Meurtre d’une lycéenne en 1994 : un suspect a reconnu les faits, 27 ans après

Richard Duclos avec AFP
Publié le 3 décembre 2021 à 8h39
Meurtre d’une lycéenne en 1994 : un suspect a reconnu les faits, 27 ans après

Source : PATRICK KOVARIK / AFP

AVEUX - Interpellé après que son ADN a matché avec celui retrouvé sur les lieux du meurtre de Nadège Desnoix, une jeune fille de 17 ans tuée en 1994 dans l’Aisne, un homme de 55 ans a reconnu avoir tué la lycéenne. Il a été mis en examen et placé en détention.

C’est la fin d’un "cold case" vieux de près de 30 ans. L'homme interpellé ce mardi 30 novembre dans le cadre de l’enquête sur la mort de Nadège Desnoix, en mai 1994 à Château-Thierry (Aisne), a reconnu avoir tué la lycéenne de 17 ans. Âgé de 55 ans, l’individu a été mis en examen et placé en détention provisoire. 
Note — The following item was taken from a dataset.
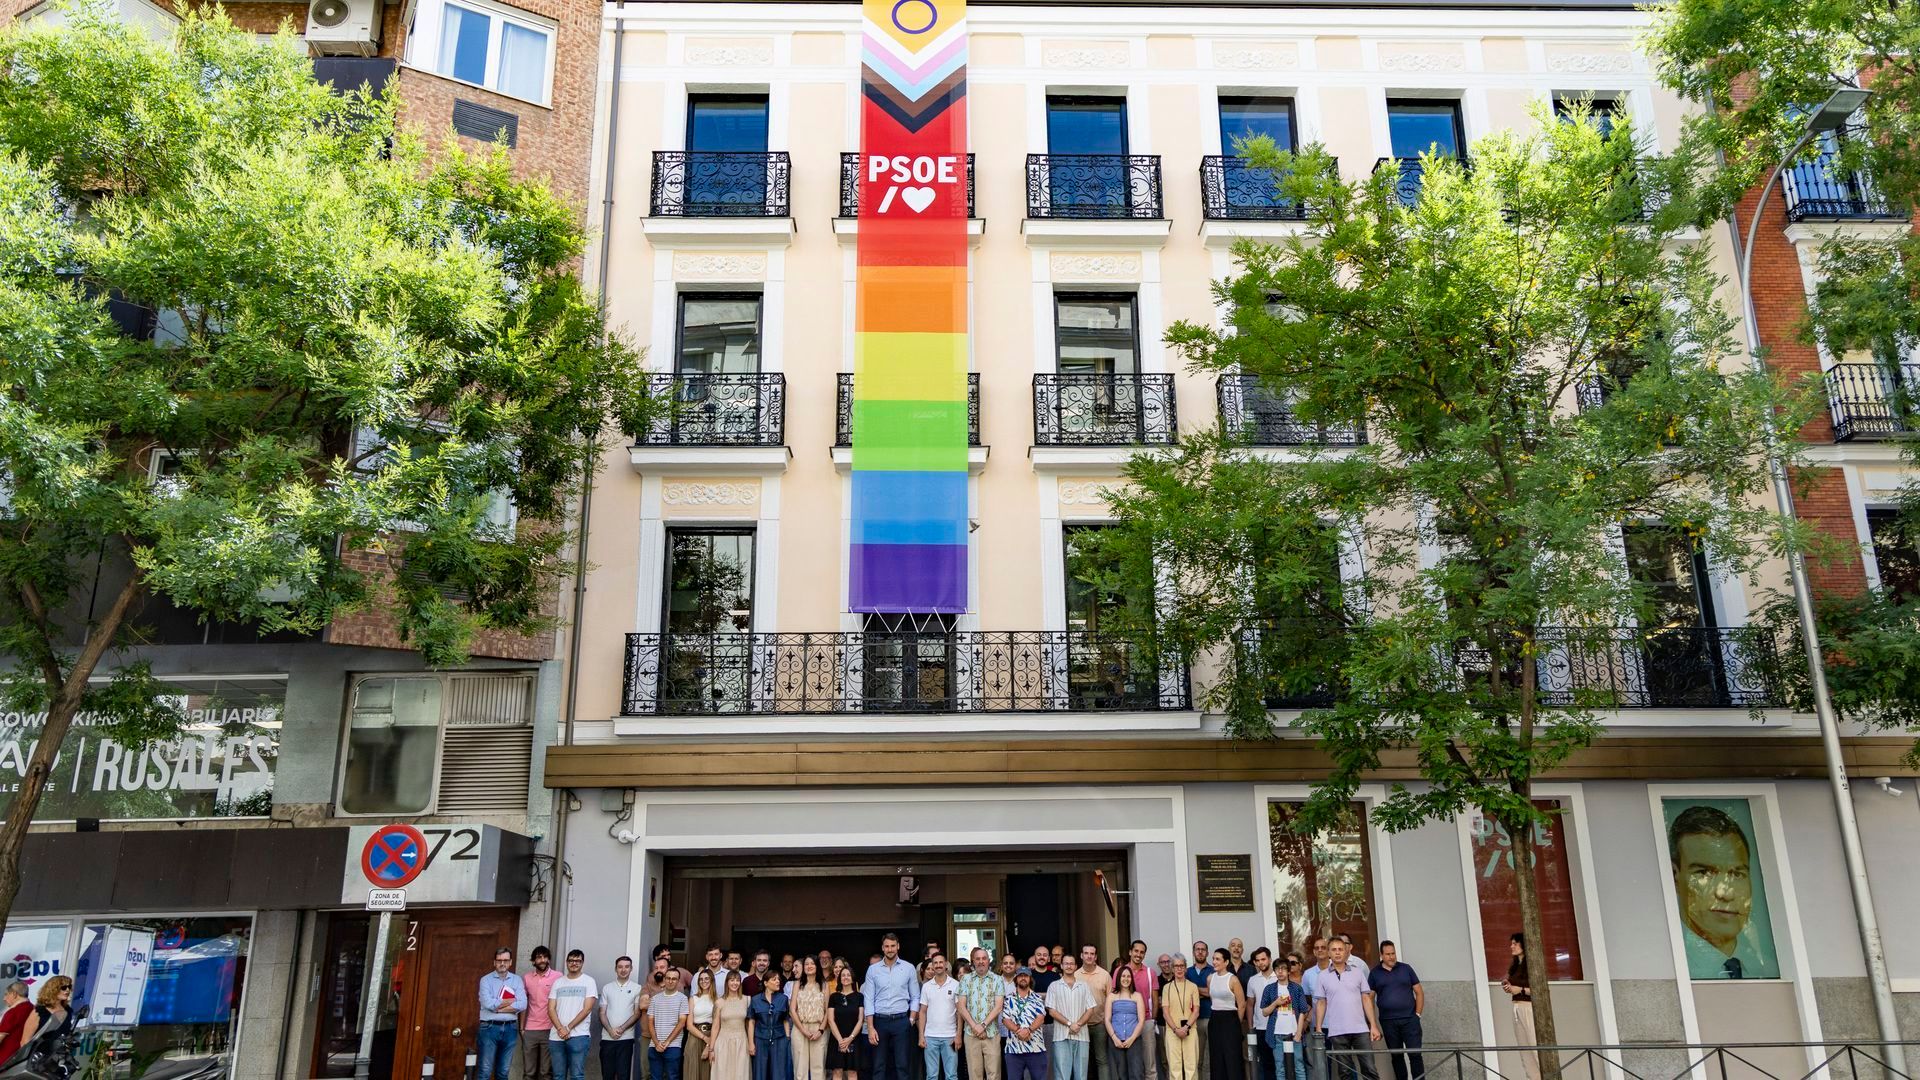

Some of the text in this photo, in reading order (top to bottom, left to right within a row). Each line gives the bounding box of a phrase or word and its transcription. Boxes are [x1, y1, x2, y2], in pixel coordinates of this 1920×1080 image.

[868, 155, 958, 183] PSOE
[1475, 818, 1553, 847] PSE
[423, 828, 480, 870] 72
Il avait été interpellé en Ille-et-Vilaine, où il travaille, car son ADN correspond à celui retrouvé sur les lieux du crime à l’époque. En garde à vue, le suspect est passé aux aveux. "Présenté devant la magistrate instructrice, l'individu a fait des déclarations spontanées par lesquelles il a maintenu ses propos", rapporte le procureur de la République de Soissons, Julien Morino-Ros, dans un communiqué de presse.

En mai 1994, le corps lacéré de coups de couteau de Nadège Desnoix avait été découvert au bord d'un chemin à proximité du lycée technique où elle était élève en classe de première. La jeune fille avait quitté le domicile familial tôt le matin pour rejoindre deux amies dans un café, avant de commencer ses cours à 13 heures. Elle ne s'y est jamais présentée. Ses parents, inquiets de ne pas la voir rentrer, avaient donné l'alerte en fin de journée. 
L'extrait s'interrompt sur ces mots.